Die Dystopie kommt eindeutig zu kurz, obwohl weder Klappentext noch die Kurzzusammenfassung im Buch wirklich darauf hindeuten würden. Doch nur der Anfang beschäftigt sich ganz präkär mit der Welt und ihren Problemen. Gerade soviel, dass man erfährt, dass ein Krieg stattgefunden hat. Viel mehr scheint hinter dieser Dystopie nicht mehr zu stecken.
 Scheinbar wurde das Setting der Dystopie hier gewählt, um auf diese Welle der Dystopien aufzusteigen und diese auszunutzen. Doch das geht irgendwie daneben.

Stattdessen wird man von einer ultra kitschigen und nervigen Liebesgeschichte beinahe erschlagen. Das wäre ja grundsätzlich gar nicht so das Problem, wenn diese Liebe nicht so vorhersehbar, so übertrieben und vorallem so nervtötend aufbereitet wäre.

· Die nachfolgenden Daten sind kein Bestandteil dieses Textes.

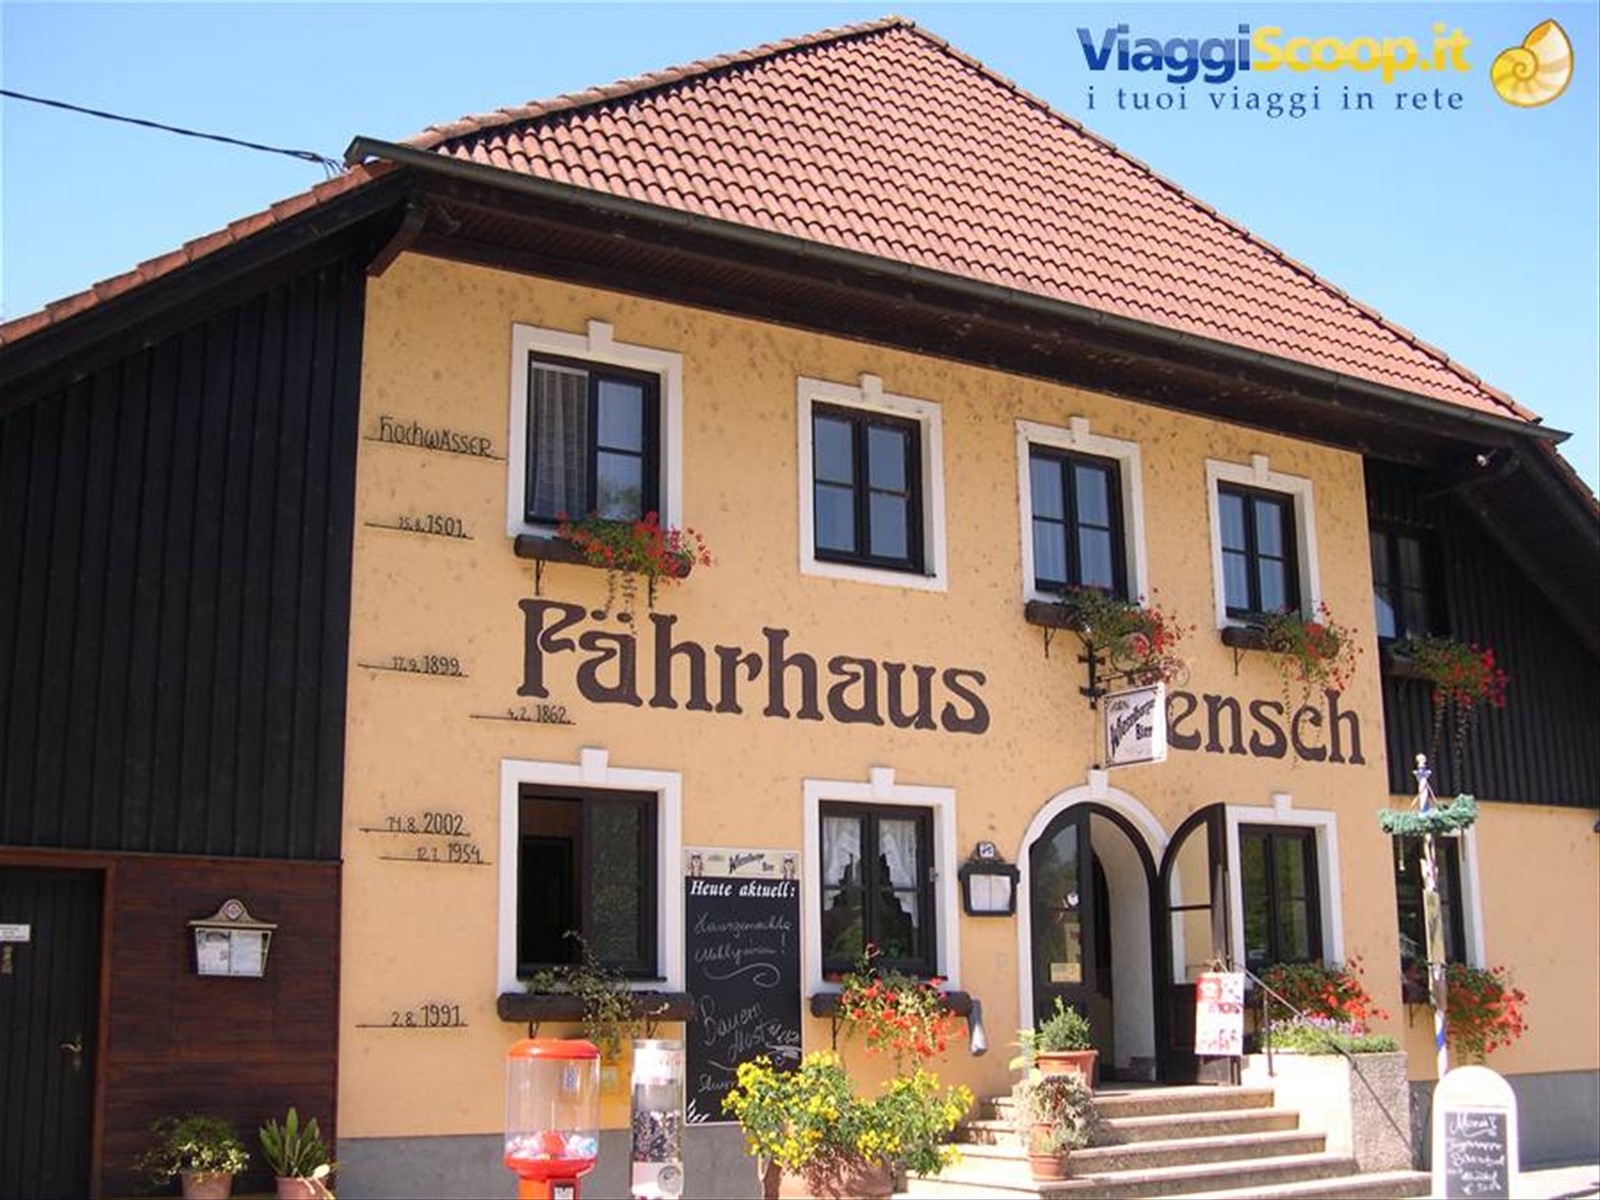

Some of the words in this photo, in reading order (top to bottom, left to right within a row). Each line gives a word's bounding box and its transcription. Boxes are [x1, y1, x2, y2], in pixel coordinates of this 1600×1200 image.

[517, 598, 990, 735] Fährhaus
[690, 880, 733, 897] Heute
[739, 880, 796, 898] aktuell:
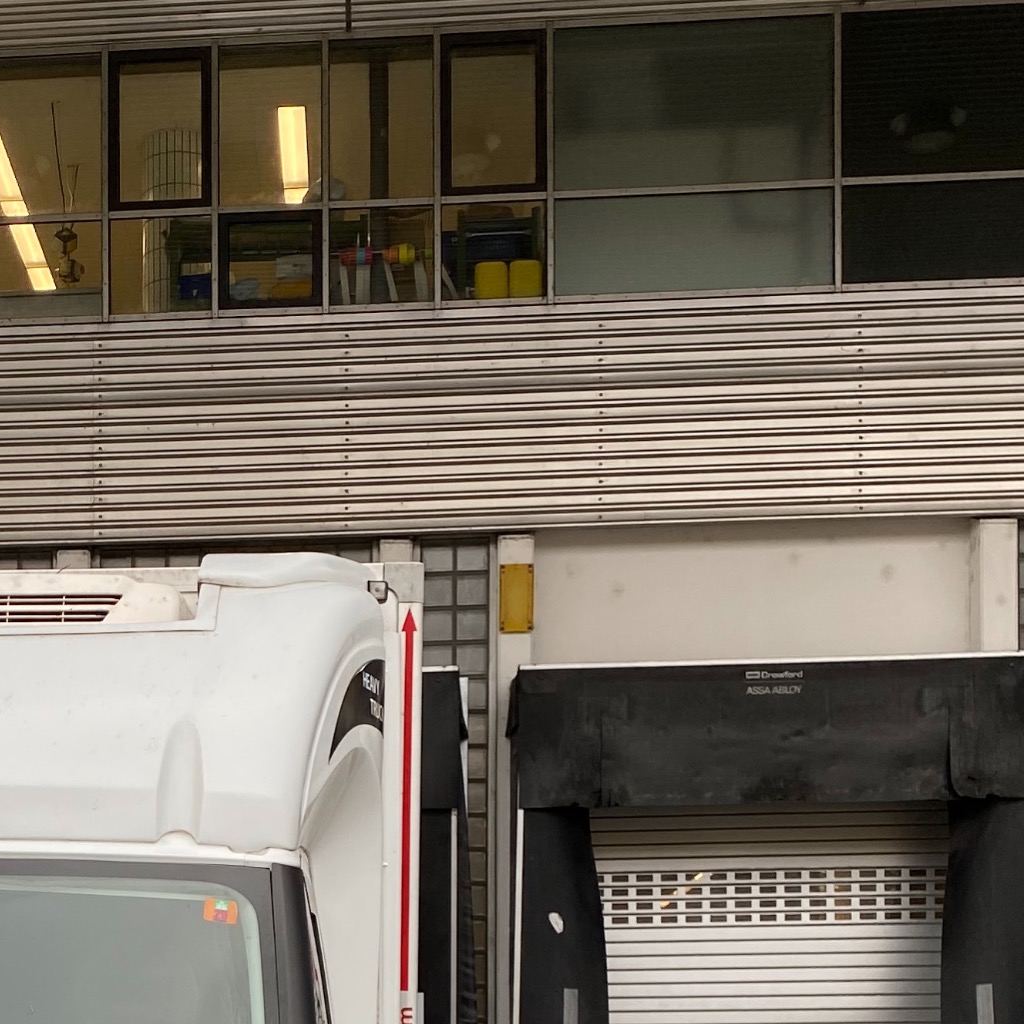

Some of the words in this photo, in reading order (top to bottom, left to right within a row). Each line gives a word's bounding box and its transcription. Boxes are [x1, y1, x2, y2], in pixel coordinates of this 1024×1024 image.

[362, 671, 380, 695] HEAVY
[746, 686, 771, 695] ASSA
[772, 685, 802, 694] ABLOY

Denn ewig muss man sich ein Hin und Her zwischen Ember und Chase ansehen - ob sich die beiden jetzt doch wieder näher kommen können um sich danach (zumeist wegen eines einzelnen falschen Wortes) wieder voneinander zu entfernen. Natürich um sich etwas später doch wieder anzunähern und wieder zu entfernen,...

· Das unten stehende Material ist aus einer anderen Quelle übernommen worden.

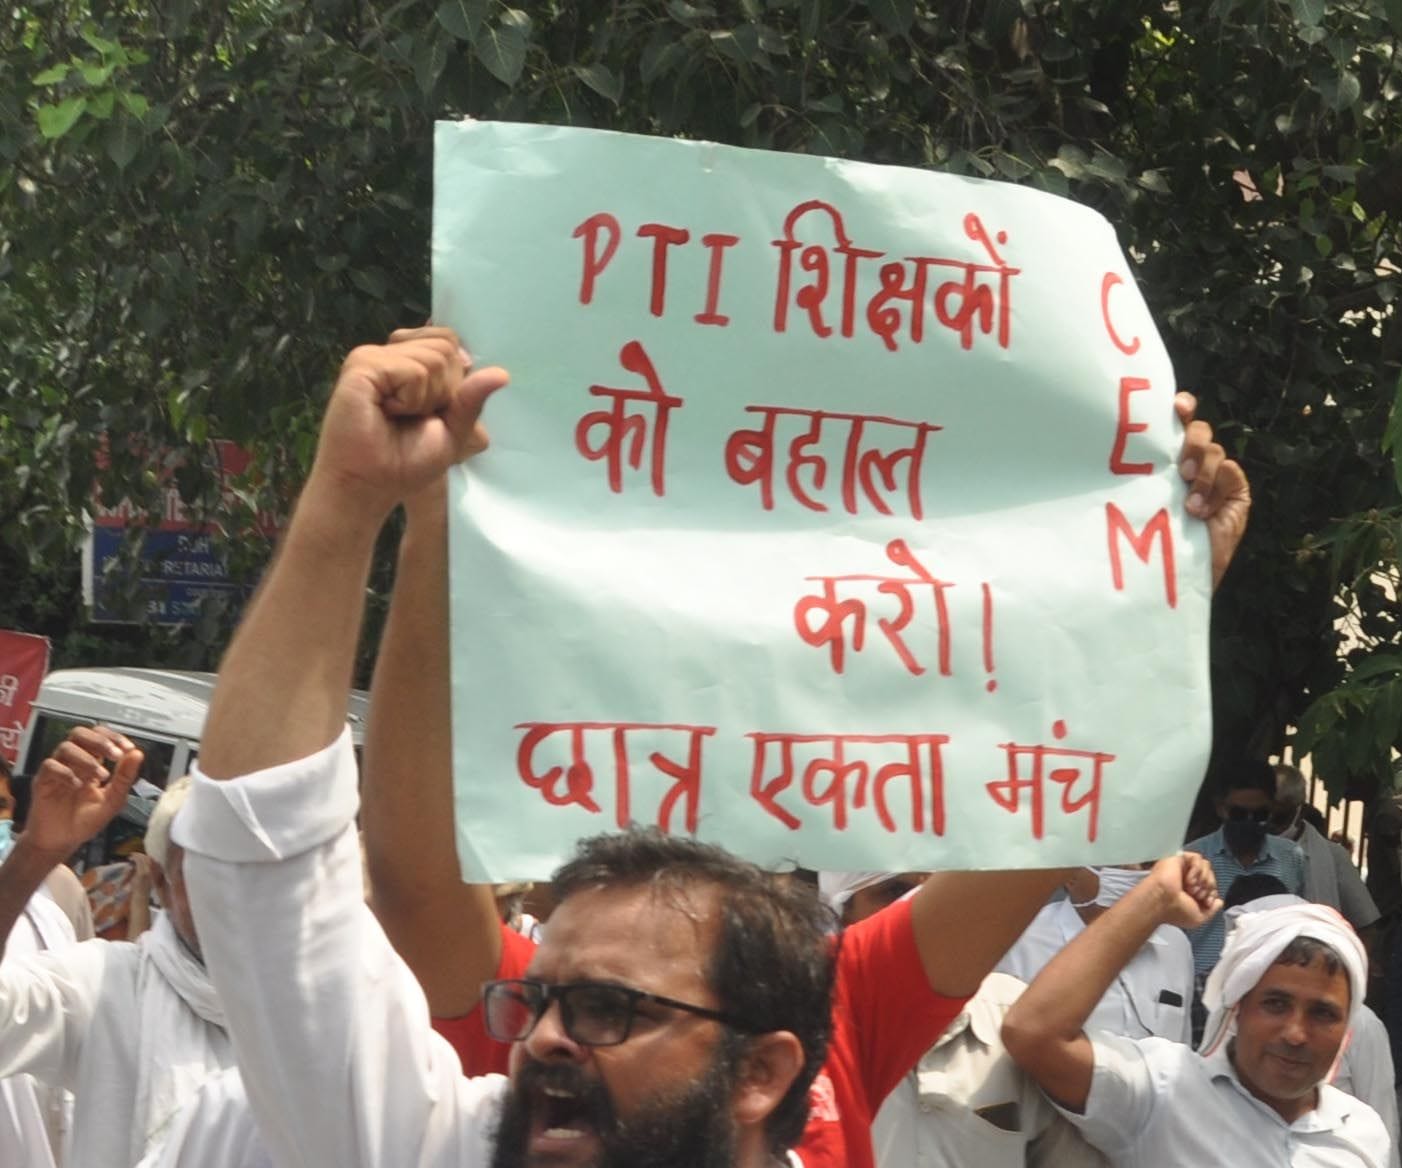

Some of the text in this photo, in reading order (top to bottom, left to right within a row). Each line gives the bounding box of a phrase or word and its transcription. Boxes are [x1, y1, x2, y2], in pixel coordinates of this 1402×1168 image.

[573, 201, 1020, 350] PTI शिक्षकों
[576, 342, 941, 521] को बहाल
[515, 721, 1114, 840] छात्र एकता मंच

Eine Phrase ist mir Buch aufgefallen (wahrscheinlich nur zufällig) und hat dieses Buch eigentlich sehr gut zusammengefasst: "Wieder einmal". Denn wiedereinmal träumt Ember von ihrem Chase und wieder einmal zerstört ein falscher Handgriff und wieder einmal widersetzt sich Ember ihren Aufgaben und wieder einmal muss Chase sie retten und wieder einmal... Sämtliche Phasetten wiederholen sich einfach viel zu sehr, man hofft irgendwann gar nicht mehr auf Änderung.

"Artikel 5" kann leider nicht das halten, was es verspricht sondern lenkt den Leser auf ganz falsche Fährten. Keine Dystopie sondern mehr eine Liebesgeschichte die auf die Nerven geht. Der Nachfolger zieht mit ziemlicher Sicherheit bei mir nicht ein.